BBB seminar: Gary Banker
Membrane trafficking and neuronal polarity
Center for Research on Occupational and Environmental Toxicology, Oregon Health & Science University, Portland, OR, USA
Nearly every aspect of neuronal function depends on the accurate polarization of membrane proteins to axons or dendrites. We have been attempting to identify the principal trafficking pathways that underlie the polarized localization of neuronal plasma membrane proteins and have developed methods to image in living cells the principal populations of the long-range carriers that transport proteins along these pathways. Our results show that there are multiple populations of Golgi-derived carriers that deliver different dendritic proteins, but all share one key feature - they are transported into dendrites but excluded from axons.
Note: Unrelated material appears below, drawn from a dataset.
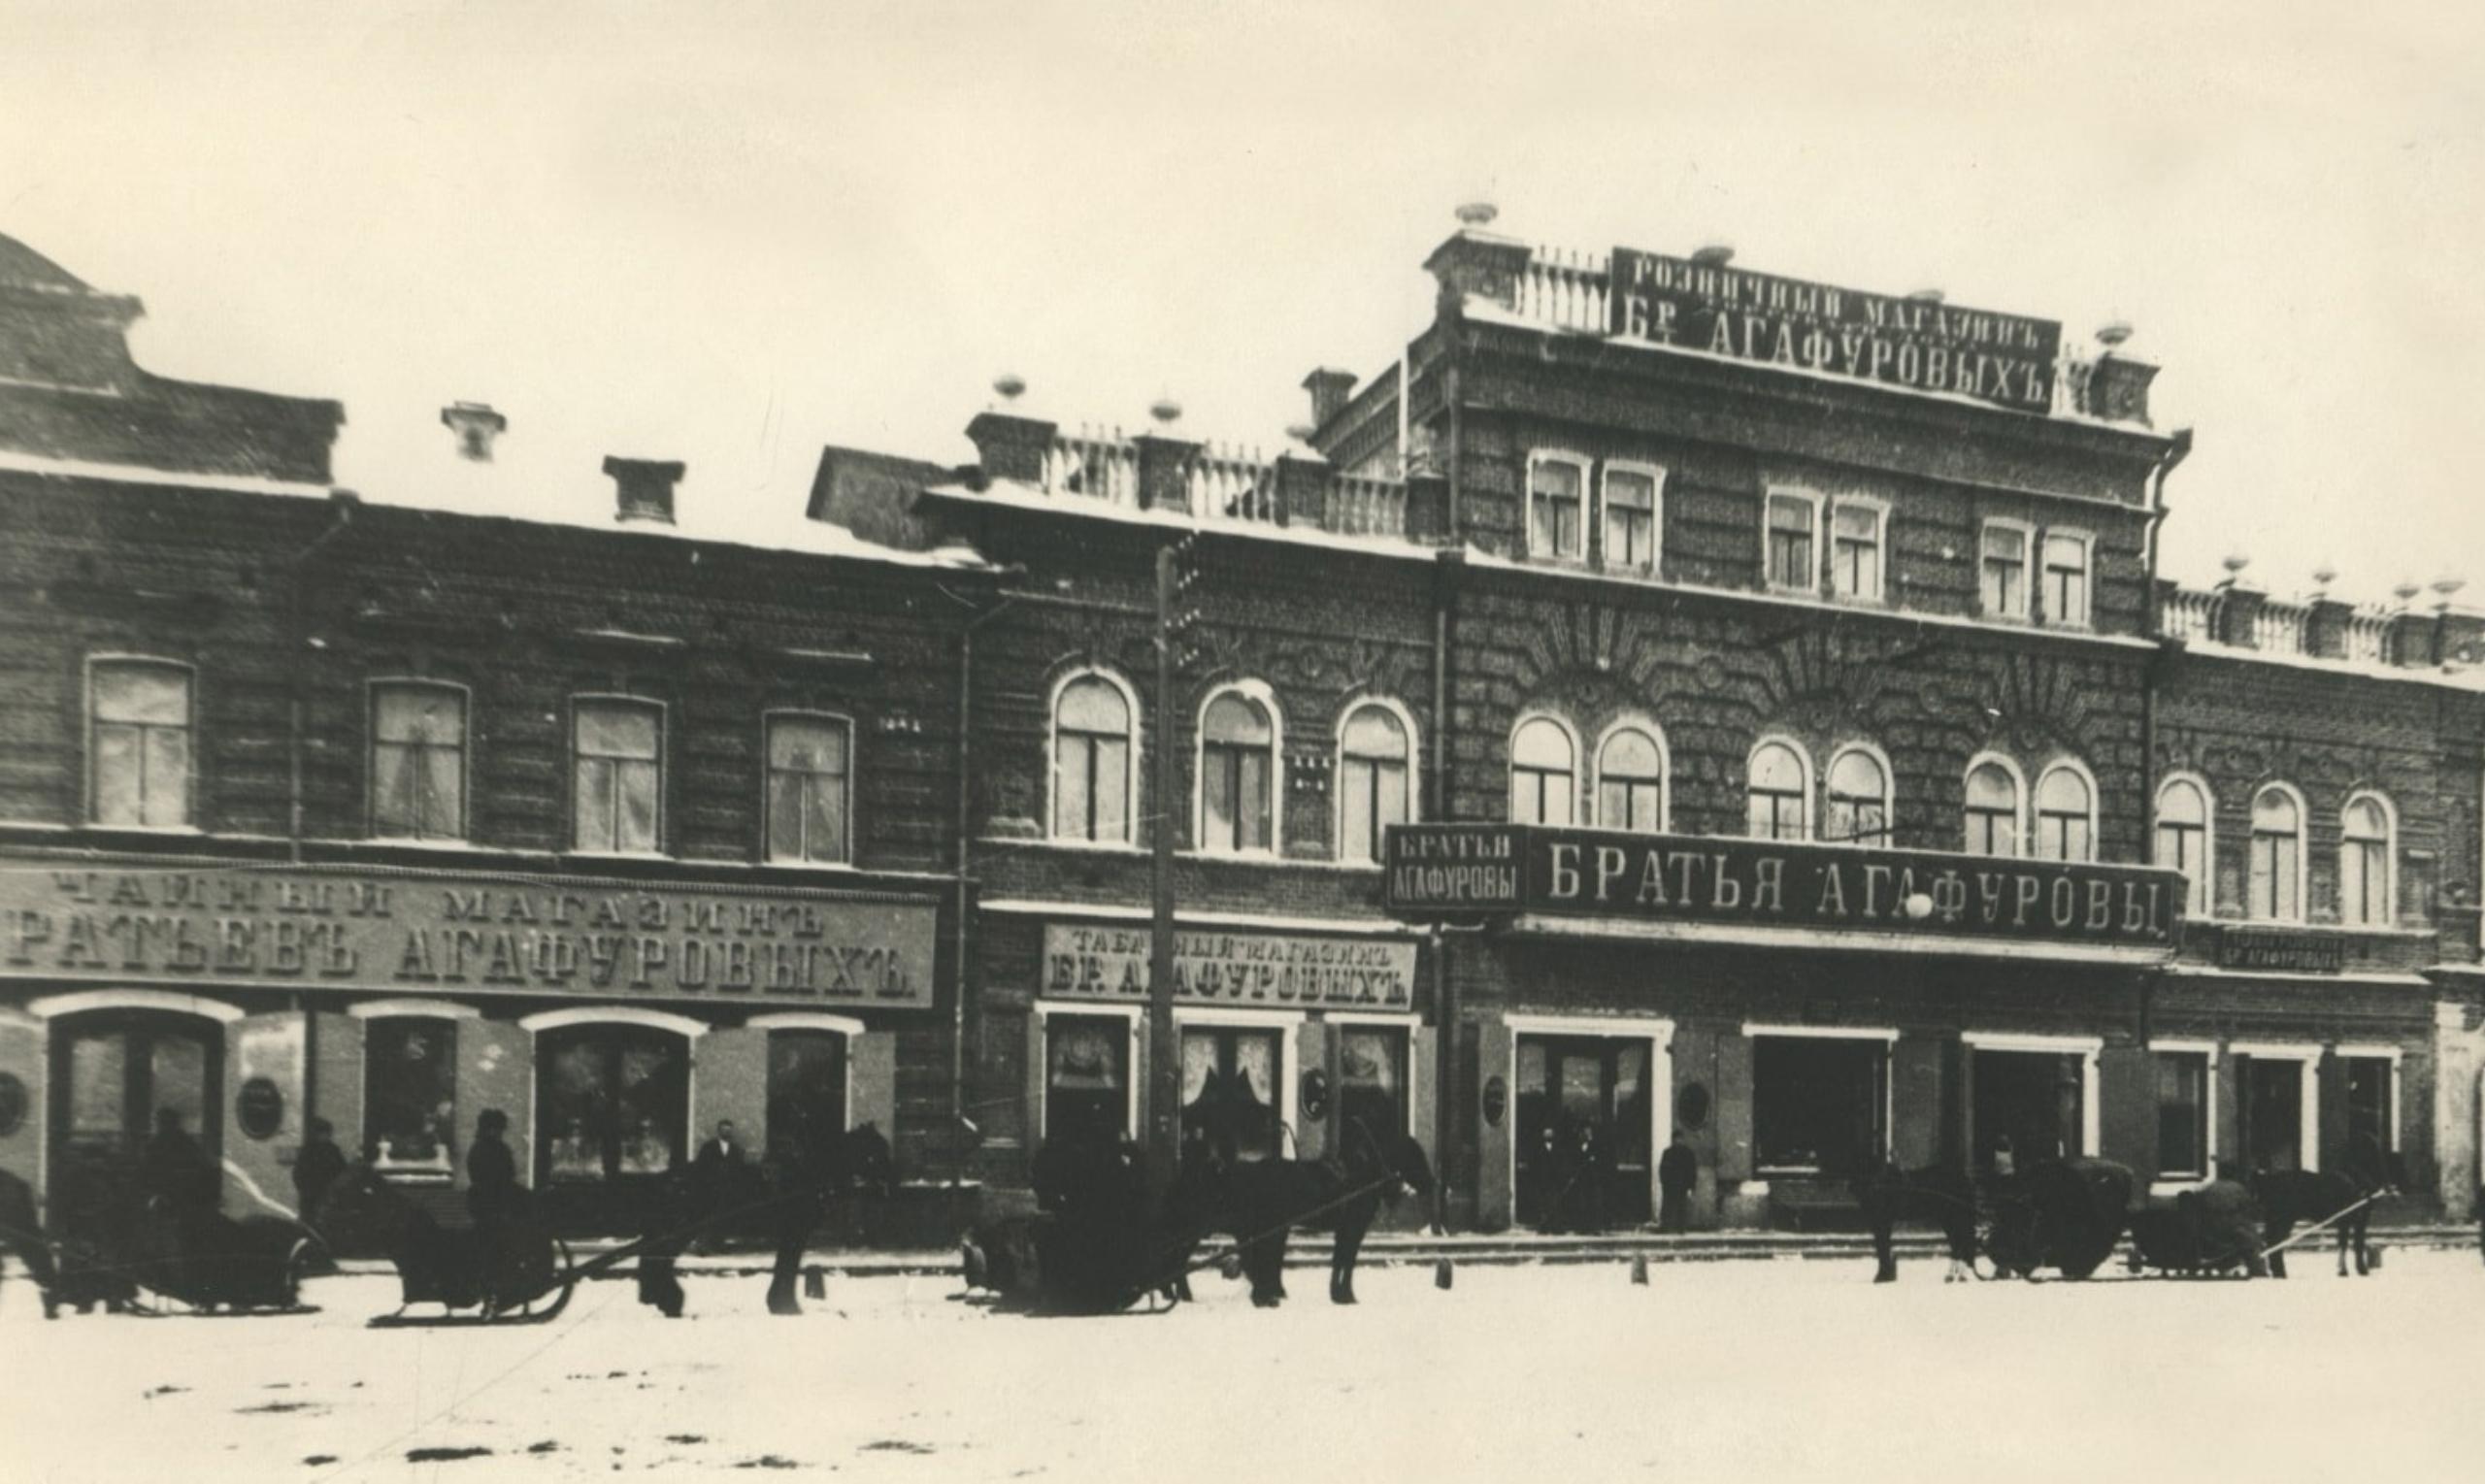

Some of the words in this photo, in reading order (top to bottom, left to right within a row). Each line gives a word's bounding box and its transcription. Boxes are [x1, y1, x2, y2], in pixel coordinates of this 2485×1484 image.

Carriers containing axonal proteins enter both dendrites and axons, but are preferentially transported into axons. Thus the selectivity of anterograde transport, which is mediated by kinesin motor proteins, lies at the heart of neuronal polarity. Using an assay based on imaging the accumulation of truncated, constitutively active kinesins in living cells, we demonstrated that kinesin-1 motor domains translocate preferentially into the axon whereas a kinesin-3 motor domain translocates with equal efficiency into both axons and dendrites. Early in development, before axon specification, kinesin-1 translocates first into one neurite, then into another, which implies that the molecular differences that mark different microtubule populations in neurons can be rapidly modulated.